▸ **YOUR INSTRUCTIONS**
Transcribe all the entries word for word, but omit the images.

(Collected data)
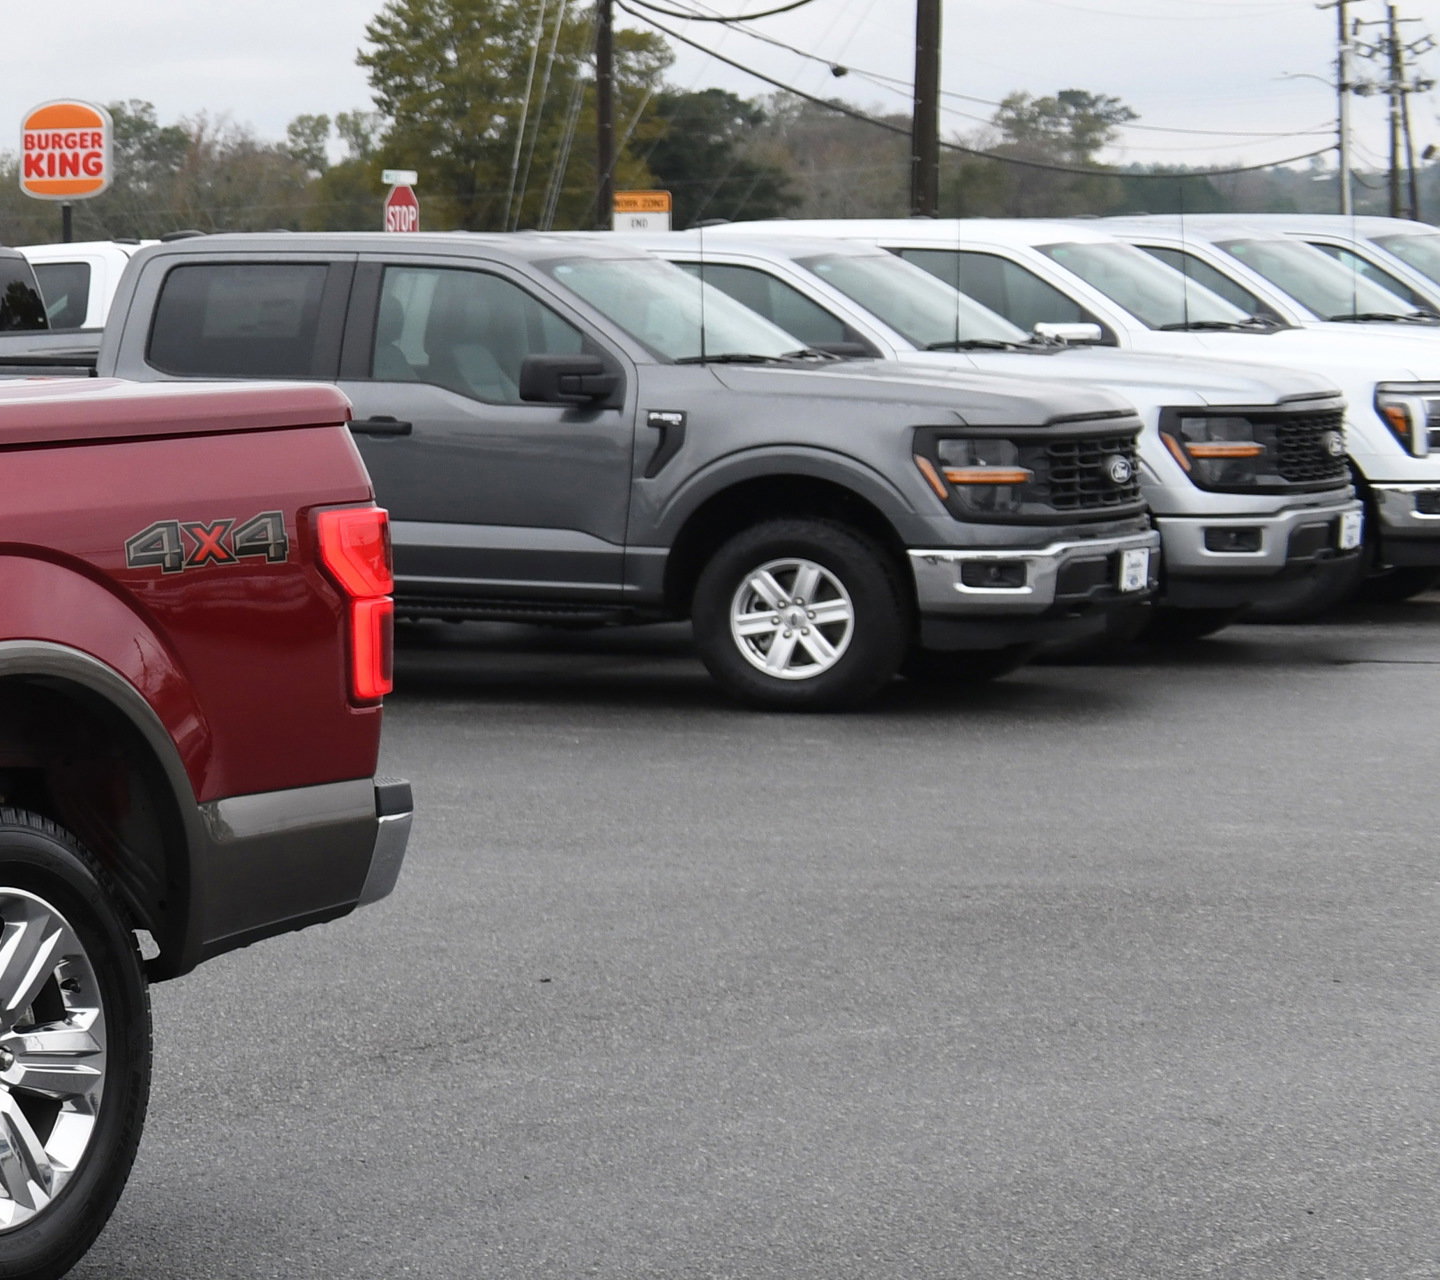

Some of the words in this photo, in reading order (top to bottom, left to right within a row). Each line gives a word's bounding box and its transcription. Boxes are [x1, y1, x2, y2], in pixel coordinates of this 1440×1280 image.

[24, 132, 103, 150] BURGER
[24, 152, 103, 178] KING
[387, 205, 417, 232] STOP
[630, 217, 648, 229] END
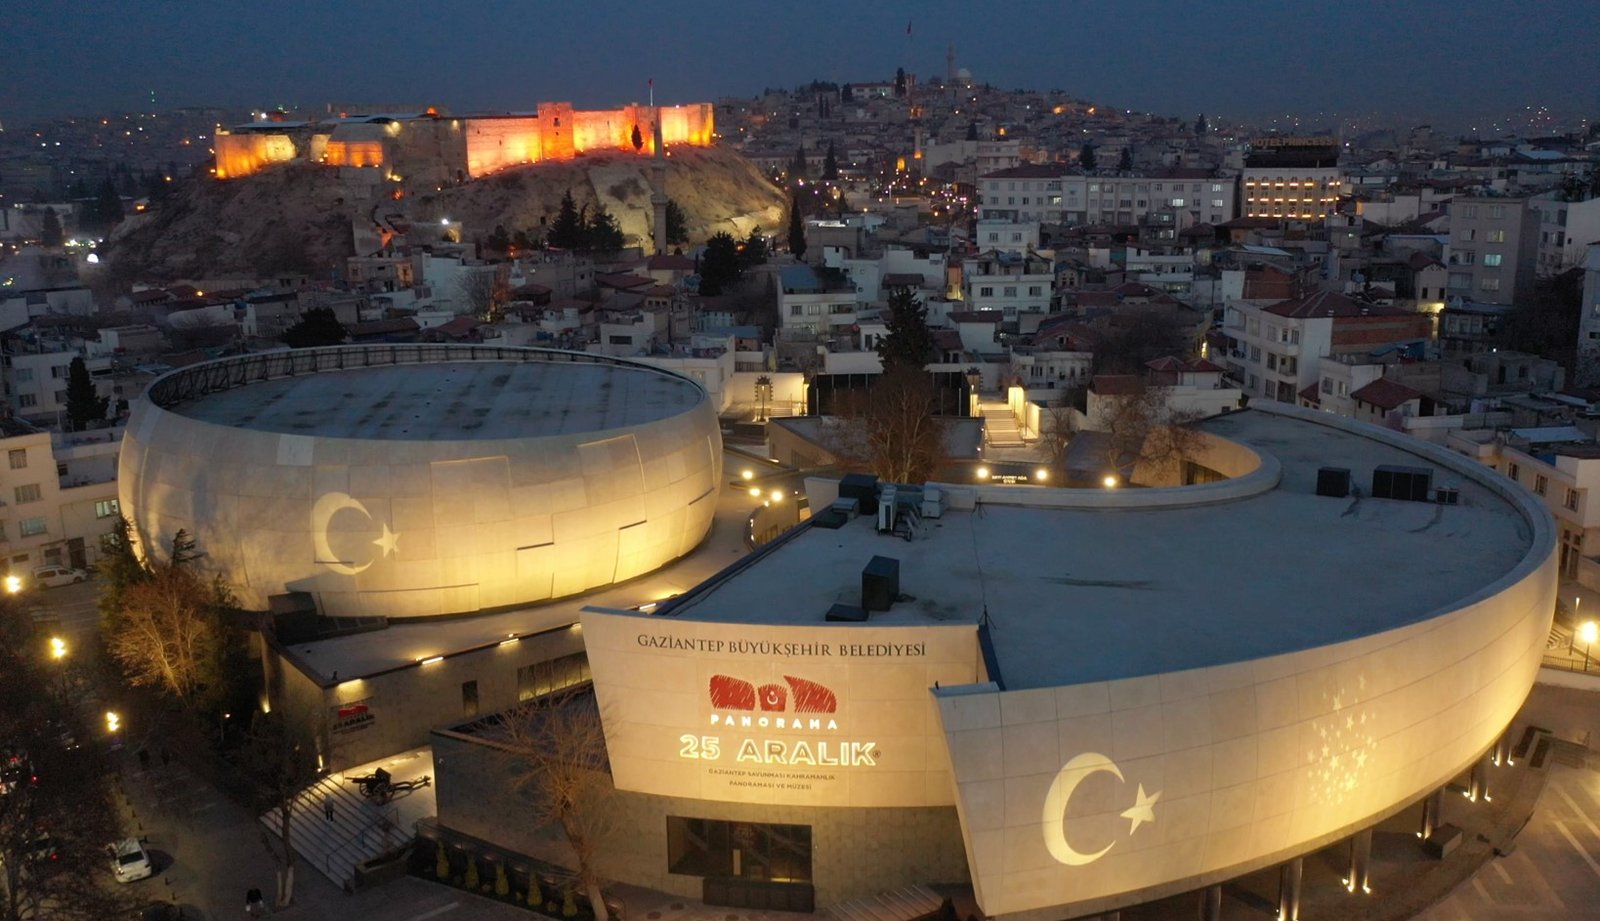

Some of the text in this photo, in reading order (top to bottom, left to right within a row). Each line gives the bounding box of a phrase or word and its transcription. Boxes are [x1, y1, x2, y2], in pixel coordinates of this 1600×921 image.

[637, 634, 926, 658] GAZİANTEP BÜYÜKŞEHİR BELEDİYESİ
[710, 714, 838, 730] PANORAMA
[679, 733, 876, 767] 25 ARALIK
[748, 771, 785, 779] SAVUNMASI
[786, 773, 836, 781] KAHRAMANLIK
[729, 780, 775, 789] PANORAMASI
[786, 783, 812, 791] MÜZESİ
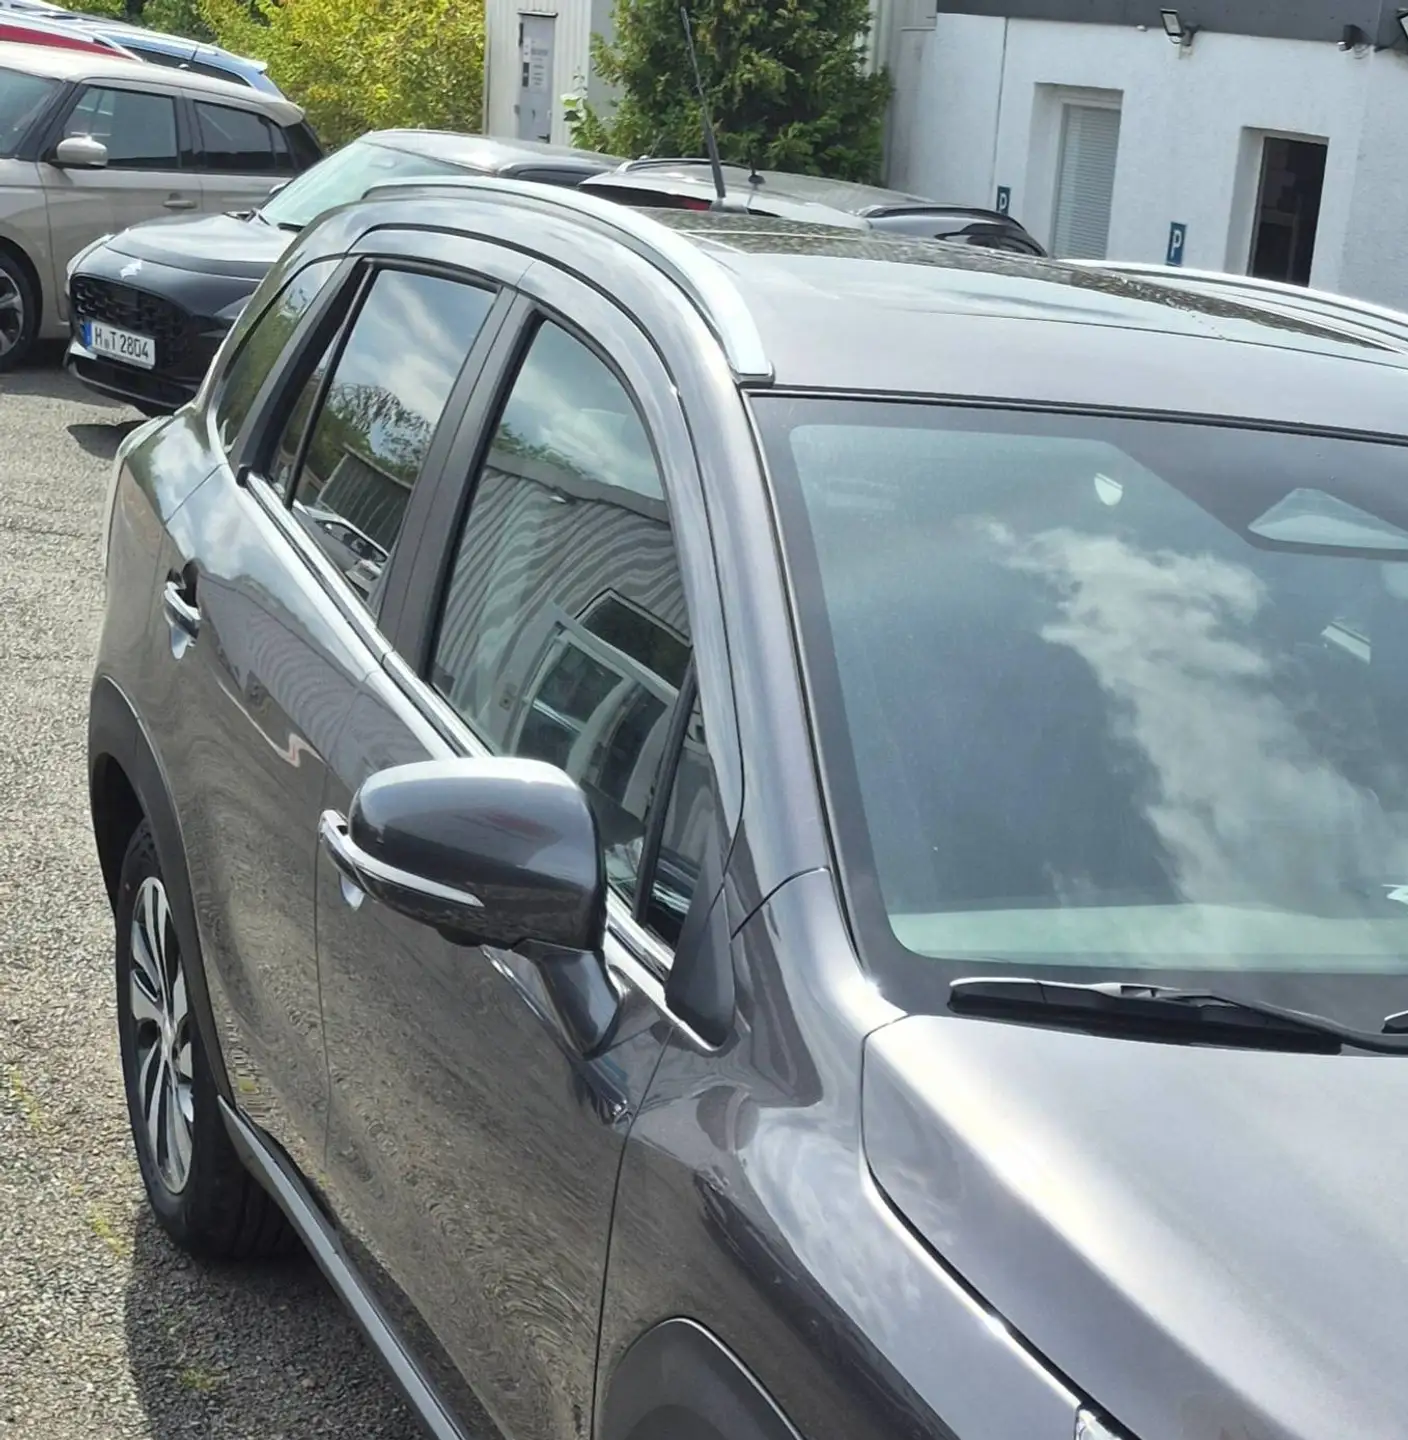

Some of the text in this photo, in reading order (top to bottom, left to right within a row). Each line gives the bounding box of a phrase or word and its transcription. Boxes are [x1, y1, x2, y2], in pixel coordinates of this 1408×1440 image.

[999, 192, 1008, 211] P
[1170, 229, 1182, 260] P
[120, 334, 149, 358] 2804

▸ **SOLUTION TO THIS TASK**
Some of the words in this photo, in reading order (top to bottom, left to right within a row). Each line gives a word's bounding box and its transcription. Boxes are [x1, y1, x2, y2], in pixel coordinates of this 1440×1280 image.

[24, 132, 103, 150] BURGER
[24, 152, 103, 178] KING
[387, 205, 417, 232] STOP
[630, 217, 648, 229] END

Some of the text in this photo, in reading order (top to bottom, left to right within a row). Each line gives the bounding box of a phrase or word and its transcription. Boxes are [x1, y1, x2, y2], in pixel coordinates of this 1600×921 image.

[637, 634, 926, 658] GAZİANTEP BÜYÜKŞEHİR BELEDİYESİ
[710, 714, 838, 730] PANORAMA
[679, 733, 876, 767] 25 ARALIK
[748, 771, 785, 779] SAVUNMASI
[786, 773, 836, 781] KAHRAMANLIK
[729, 780, 775, 789] PANORAMASI
[786, 783, 812, 791] MÜZESİ

Some of the text in this photo, in reading order (top to bottom, left to right within a row). Each line gives the bounding box of a phrase or word and its transcription. Boxes are [x1, y1, x2, y2], in pixel coordinates of this 1408×1440 image.

[999, 192, 1008, 211] P
[1170, 229, 1182, 260] P
[120, 334, 149, 358] 2804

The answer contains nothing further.